Hewlett-Packard is expanding the offerings in its Unified Cluster Portfolio
by adding Voltaire's Unified Fabric Manager product to the lineup.
When used in conjunction with Voltaire's 20G-bps or 40G-bps InfiniBand
switches, the UFM software can give IT administrators greater visibility into their
scale-out data centers and improve manageability.
The software gives users a logical view of their high-performance
infrastructure, including servers, applications and networking fabric.

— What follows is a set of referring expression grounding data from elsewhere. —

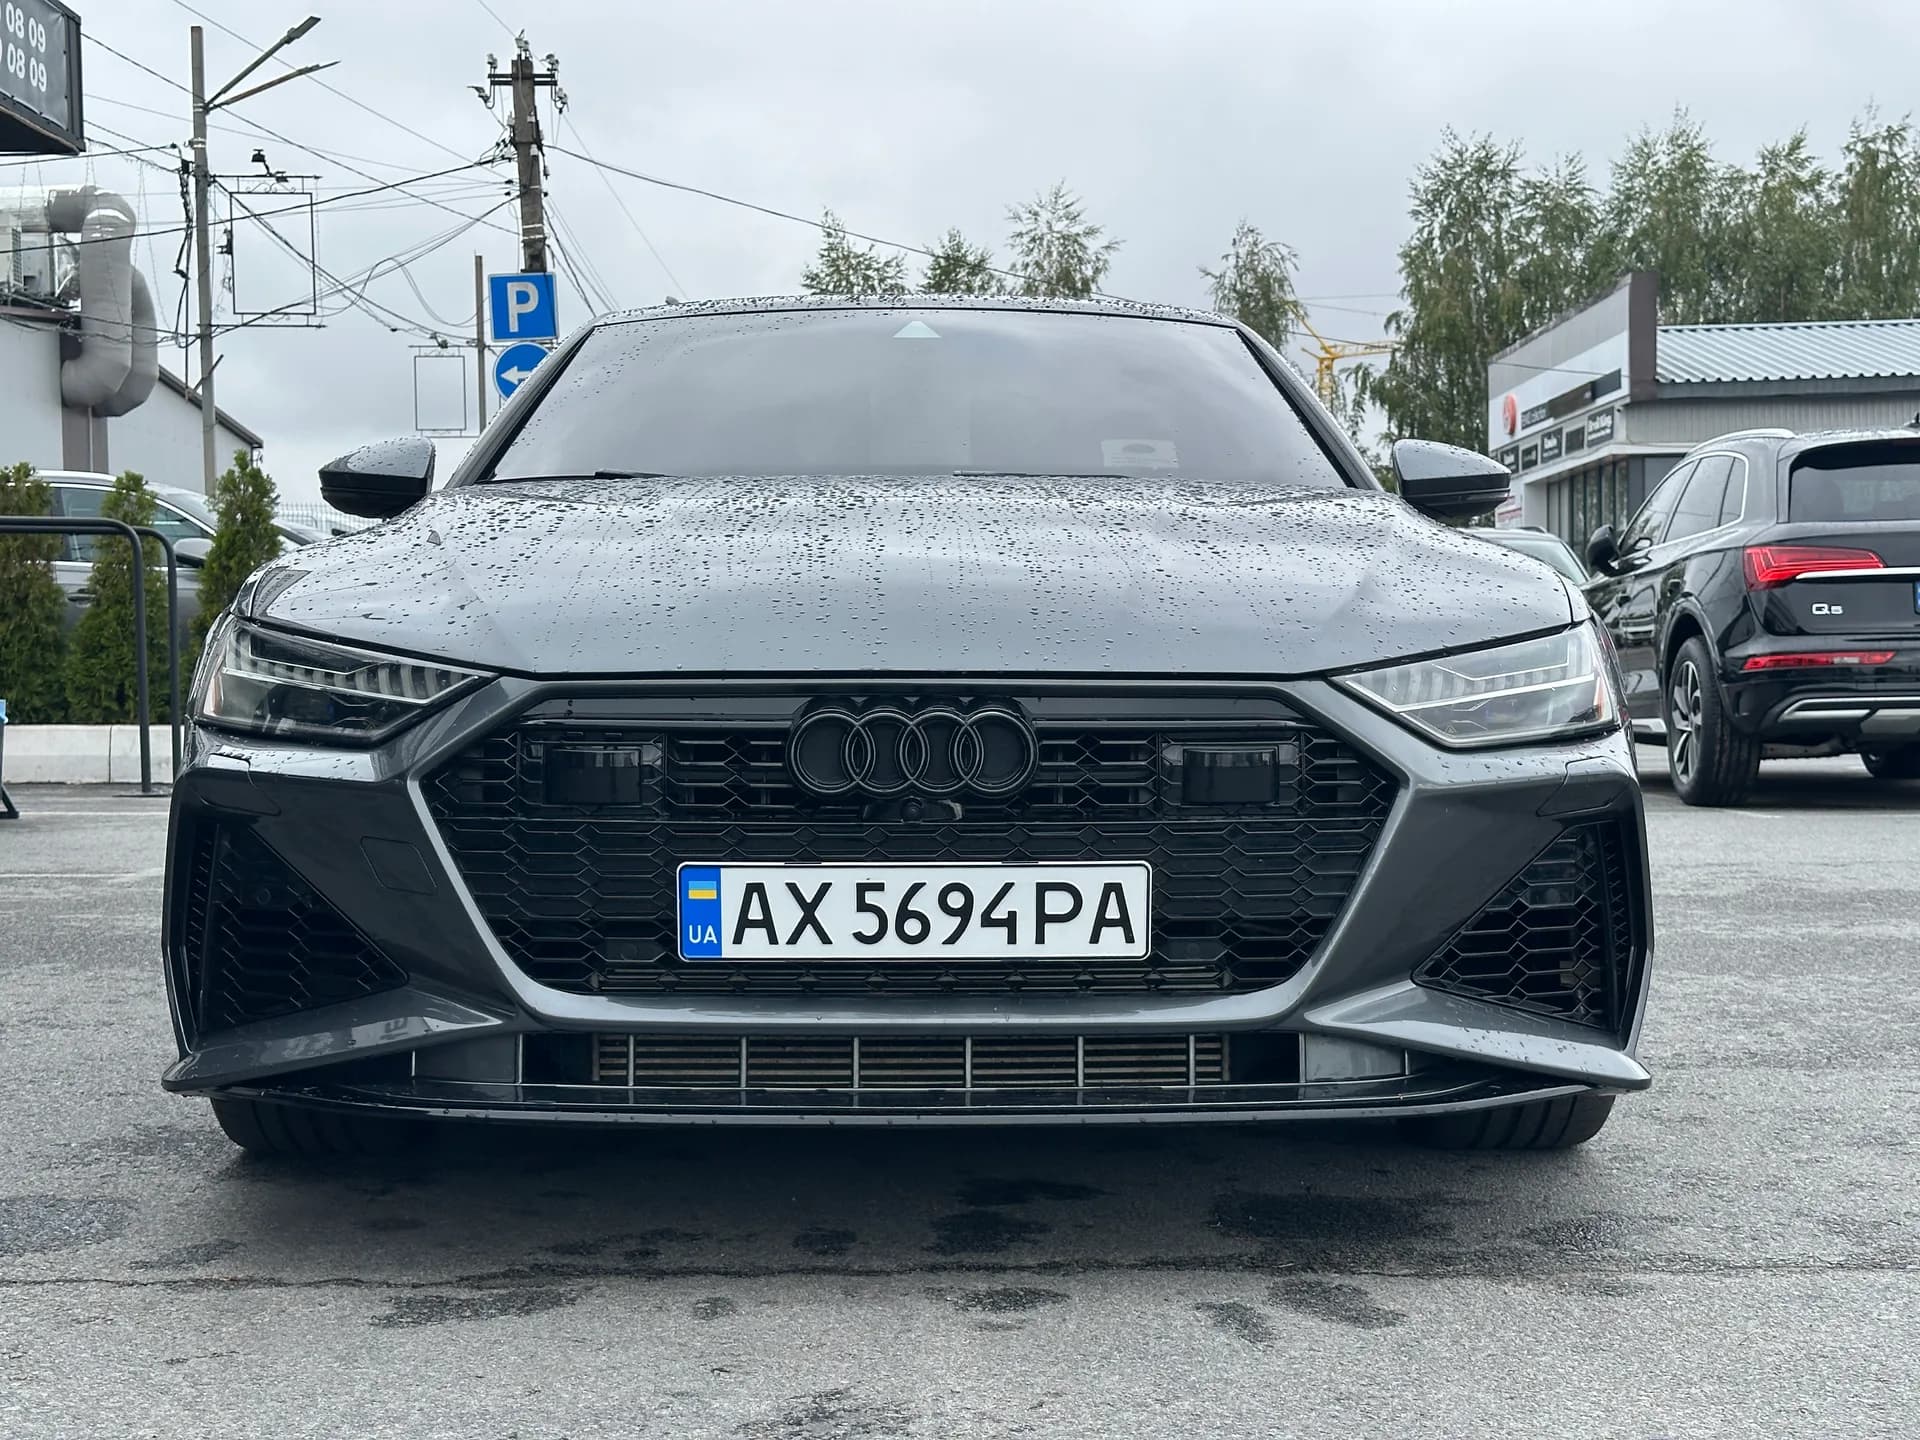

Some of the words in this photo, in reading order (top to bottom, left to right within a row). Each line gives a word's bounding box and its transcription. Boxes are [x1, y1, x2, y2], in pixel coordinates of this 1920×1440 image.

[6, 2, 25, 39] 08
[28, 17, 46, 53] 09
[7, 43, 26, 79] 08
[29, 57, 47, 92] 09
[507, 281, 539, 332] P
[1812, 603, 1843, 615] Q5
[689, 924, 718, 944] UA
[732, 881, 833, 945] AX
[852, 881, 1017, 945] 5694
[1035, 881, 1136, 945] PA

The deal was announced Oct. 1.
Ed Turkel, manager of business development for HP's Scalable Computing and
Infrastructure business, said the combination of HP's ProLiant systems and
Voltaire's UFM software will help businesses eliminate the I/O bottlenecks in
their scale-out data center infrastructures, enabling them to more efficiently
run high-performance applications.
"Customers deploying scale-out environments to enable business growth
need solutions that are capable of supporting the increased network
complexities without impacting system performance," Turkel said in a
statement.
HP and Voltaire pointed to the Karlsruhe Institute of Technology in Germany,
which has selected Voltaire's 40G-bps InfiniBand switches and UFM software for
an HP supercomputer being used in the Open Cirrus project, an open cloud
computing research testbed.
The institute's supercomputer will include 334 ProLiant DL2x170h G6 and
ProLiant DL4x170h G6 servers.
HP's
G6 systems are powered by Intel's quad-core Xeon 5500 Series "Nehalem
EP" processors and Advanced Micro Devices' six-core "Istanbul"
Opterons, and are designed to offer higher performance and greater energy
efficiency than previous ProLiant models.